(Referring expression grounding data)
┌──
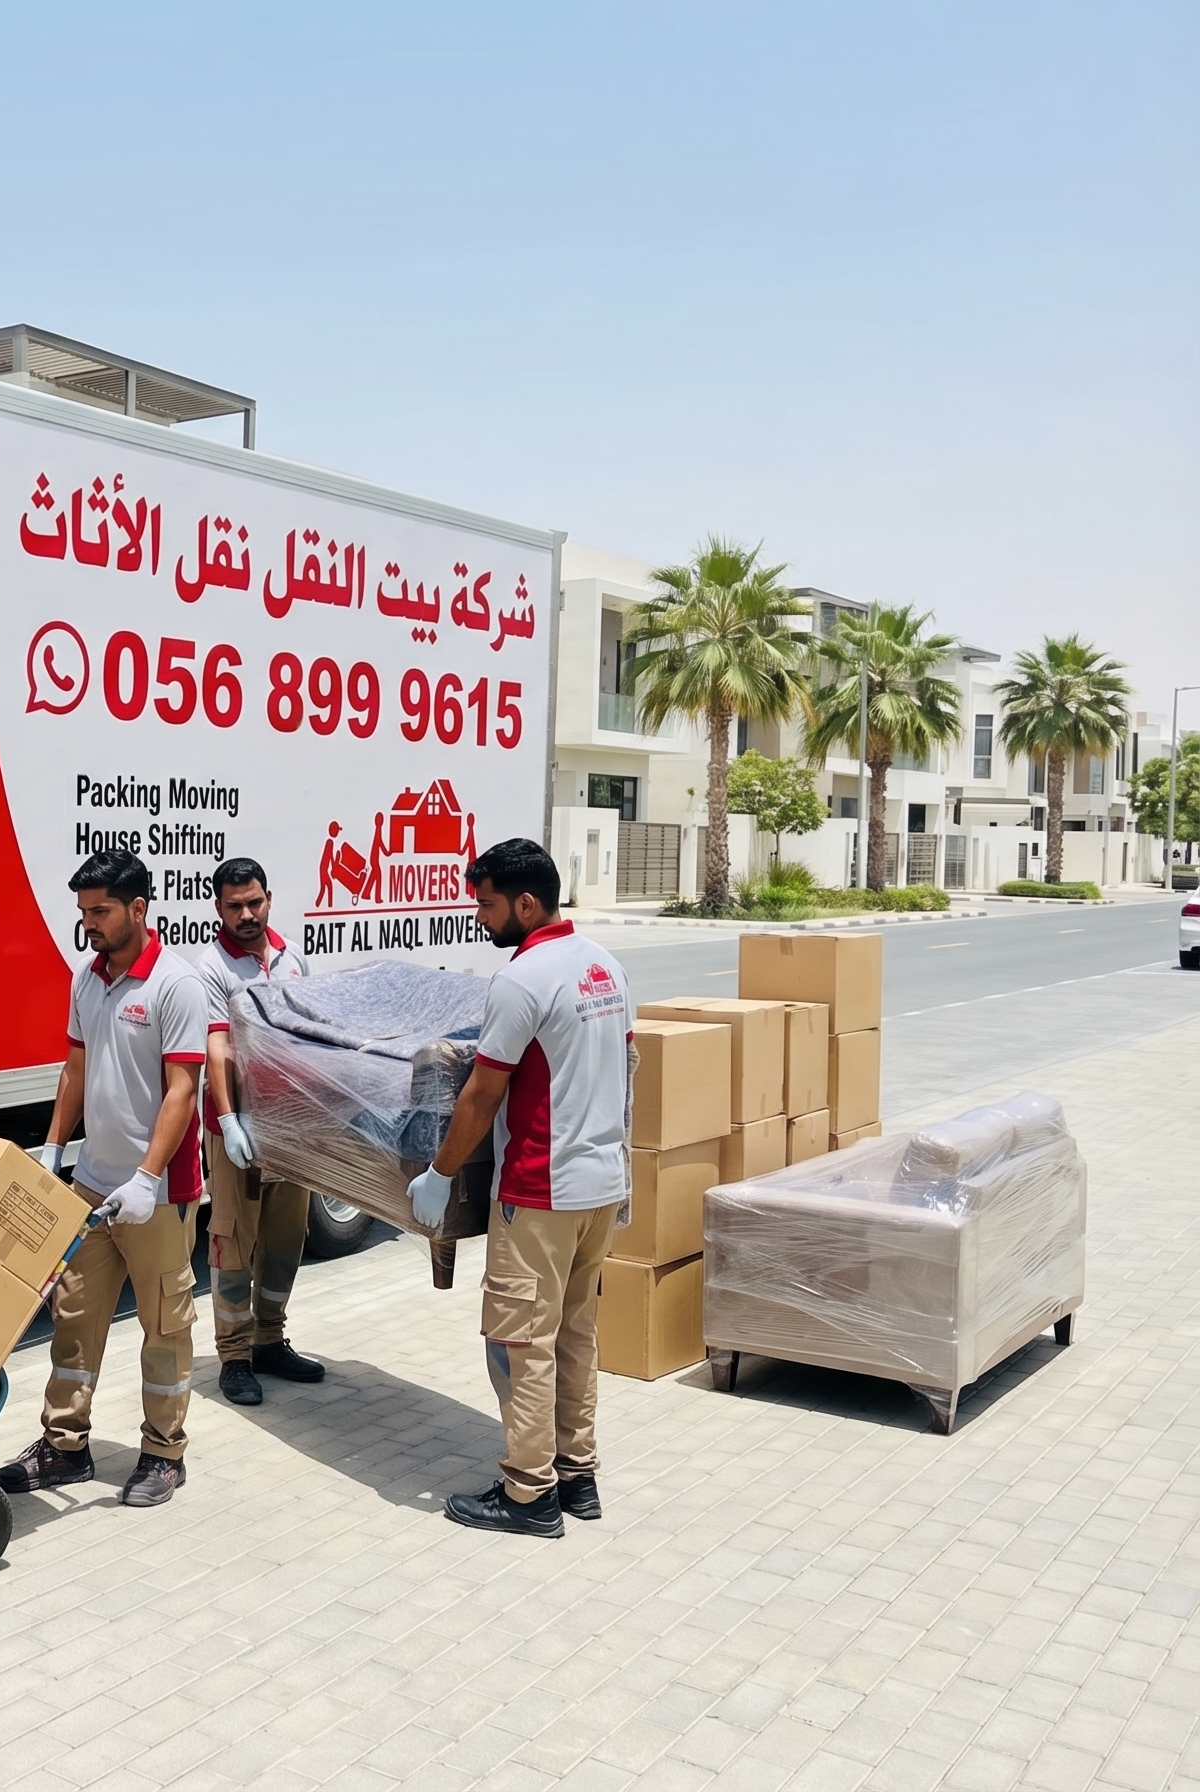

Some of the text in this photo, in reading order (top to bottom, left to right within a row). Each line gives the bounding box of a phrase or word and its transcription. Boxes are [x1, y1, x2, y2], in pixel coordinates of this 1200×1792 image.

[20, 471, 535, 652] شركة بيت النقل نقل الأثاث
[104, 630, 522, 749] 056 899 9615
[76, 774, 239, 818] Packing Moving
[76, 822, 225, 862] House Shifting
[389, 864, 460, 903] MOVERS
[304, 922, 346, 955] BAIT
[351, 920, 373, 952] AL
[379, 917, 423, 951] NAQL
└──
- TASK GOAL -
All of the data is to be transcribed exactly, with images omitted.

- EXERCISE RESULT -
Some of the text in this photo, in reading order (top to bottom, left to right within a row). Each line gives the bounding box of a phrase or word and its transcription. Boxes are [x1, y1, x2, y2], in pixel coordinates of this 1200×1792 image.

[20, 471, 535, 652] شركة بيت النقل نقل الأثاث
[104, 630, 522, 749] 056 899 9615
[76, 774, 239, 818] Packing Moving
[76, 822, 225, 862] House Shifting
[389, 864, 460, 903] MOVERS
[304, 922, 346, 955] BAIT
[351, 920, 373, 952] AL
[379, 917, 423, 951] NAQL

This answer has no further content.